While flying home this past week after doing a series of workshops in Asia, I had the opportunity to read about current research that verifies what we practice as Transactional Analysts . In Asia I was teaching about Life Scripts. One part of the definition I teach emphasizes that “life scripts are complex patterns of unconscious relational patterns ... that inhibit spontaneity and limit flexibility in problem-solving, health maintenance, and in relationship with people” (Erskine, 2010, p. 1). In both my practice of psychotherapy and in human relations consulting I often focus on the significance of caring and vitalizing relationships in maintaining optimal mental and physical wellbeing. While reading about Barbara Fredrickson’s research in a new book entitled, Love 2.0: How Our Supreme Emotion Affects Everything We Feel, Think, Do, and Become (Fredrickson, 2013),

I was reminded of two of our purposes as relational and integrative Transactional Analysts: to enhance the quality of relationships in our clients’ lives and help our clients maintain good physical health.

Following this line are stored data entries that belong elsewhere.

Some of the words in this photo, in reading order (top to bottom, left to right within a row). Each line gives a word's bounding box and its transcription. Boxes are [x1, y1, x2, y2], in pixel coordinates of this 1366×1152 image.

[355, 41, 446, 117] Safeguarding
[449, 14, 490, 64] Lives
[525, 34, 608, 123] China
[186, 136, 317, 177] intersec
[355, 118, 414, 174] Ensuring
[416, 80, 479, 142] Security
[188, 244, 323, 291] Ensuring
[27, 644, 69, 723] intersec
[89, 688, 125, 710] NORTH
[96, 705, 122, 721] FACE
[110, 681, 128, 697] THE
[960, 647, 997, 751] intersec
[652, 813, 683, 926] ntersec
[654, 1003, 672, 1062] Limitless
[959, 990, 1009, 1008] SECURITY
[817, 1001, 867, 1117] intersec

I am always astonished when I observe that many people in public places are bent over a digital screen thumbing their way through an electronic maze. They are deeply absorbed in what they are doing and seem to be out of contact with what and who is in their immediate surroundings. Fredrickson's writings describe how such non-personal electronic button pushing may have a negative toll on our biological capacity to connect with other people. Such habits, devoid of human interaction, eventually shape the very structure of our brains in ways that reinforce our proclivity for that habit. The less we emotionally connect with others, the harder it eventually becomes to connect interpersonally. Donald Hebb, a neuropsychologist from McGill University, has shown that neurons that fire together, wire together. Therefore, repetitive experiences leave imprints on our neural pathways, a phenomenon called neuroplasticity. What we do routinely soon becomes an ingrained neuro-pattern.

In a recent article Barbara Fredrickson (2013b) describes how plasticity, the propensity to be shaped by experience, occurs both in muscles and in the brain. You already know that when we live a sedentary life our muscles atrophy and our physical strength is diminished. In a similar vein, the style in which we transact with others -- our habits of interpersonal contact -- also leave an imprint on our brain. Fredrickson reports that her research team conducted a longitudinal study on the effects of people cultivating warmer interpersonal connections in daily life. They designed a six-week program that trained participants to develop more warmth and tenderness toward themselves and others. The researchers discovered that by the end of the program the participants not only felt more lively and socially connected, they also altered a key part of their cardiovascular system called the vagal tone.

Our brain is tied to our heart by the vagus nerve. Recent research has discovered that minute variations in our heart rate reveal the strength of this brain-heart connection and, as such, provides an index of our vagal tone. The vagal tone can be either “dorsal” or “ventral”. The dorsal reflects passivity and a shutting down that occurs when there has been cumulative neglect and a lack of relational contact. The ventral reflects pleasurable social engagement that comes from such activities as nursing, eye-to-eye contact, soothing touch, kissing, and pleasant voice tones. The higher our ventral vagal tone, the better we are able to regulate the internal systems that keep us healthy, such as our cardiovascular and immune responses. Neuroscientists used to think that the vagal tone was largely stable, like our height in adulthood. Fredrickson’s data show that this part of our brain-to-heart connection, the vagal tone, is plastic and amenable to change. Our ventral vagal tone can be increased by our engaging and caring social habits.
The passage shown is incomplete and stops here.